Word for word, reproduce every record in the listing below.

◇ ◇ ◇ ◇

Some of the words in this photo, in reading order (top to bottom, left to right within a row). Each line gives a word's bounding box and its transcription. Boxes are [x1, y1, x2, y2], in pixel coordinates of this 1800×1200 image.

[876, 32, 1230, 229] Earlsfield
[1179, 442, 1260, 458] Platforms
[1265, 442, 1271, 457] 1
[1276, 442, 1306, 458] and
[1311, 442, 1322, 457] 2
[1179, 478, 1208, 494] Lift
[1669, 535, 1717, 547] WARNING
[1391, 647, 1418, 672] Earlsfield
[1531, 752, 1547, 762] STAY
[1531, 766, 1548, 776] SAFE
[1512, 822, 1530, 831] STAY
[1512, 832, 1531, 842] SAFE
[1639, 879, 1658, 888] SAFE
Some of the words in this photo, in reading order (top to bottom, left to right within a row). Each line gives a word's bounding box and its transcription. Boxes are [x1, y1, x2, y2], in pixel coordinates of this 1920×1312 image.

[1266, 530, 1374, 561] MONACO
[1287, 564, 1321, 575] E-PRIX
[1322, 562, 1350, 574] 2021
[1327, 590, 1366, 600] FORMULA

◇ ◇ ◇ ◇

• _WRITTEN SOLUTION_
Some of the words in this photo, in reading order (top to bottom, left to right within a row). Each line gives a word's bounding box and its transcription. Boxes are [x1, y1, x2, y2], in pixel coordinates of this 1800×1200 image.

[876, 32, 1230, 229] Earlsfield
[1179, 442, 1260, 458] Platforms
[1265, 442, 1271, 457] 1
[1276, 442, 1306, 458] and
[1311, 442, 1322, 457] 2
[1179, 478, 1208, 494] Lift
[1669, 535, 1717, 547] WARNING
[1391, 647, 1418, 672] Earlsfield
[1531, 752, 1547, 762] STAY
[1531, 766, 1548, 776] SAFE
[1512, 822, 1530, 831] STAY
[1512, 832, 1531, 842] SAFE
[1639, 879, 1658, 888] SAFE
Some of the words in this photo, in reading order (top to bottom, left to right within a row). Each line gives a word's bounding box and its transcription. Boxes are [x1, y1, x2, y2], in pixel coordinates of this 1920×1312 image.

[1266, 530, 1374, 561] MONACO
[1287, 564, 1321, 575] E-PRIX
[1322, 562, 1350, 574] 2021
[1327, 590, 1366, 600] FORMULA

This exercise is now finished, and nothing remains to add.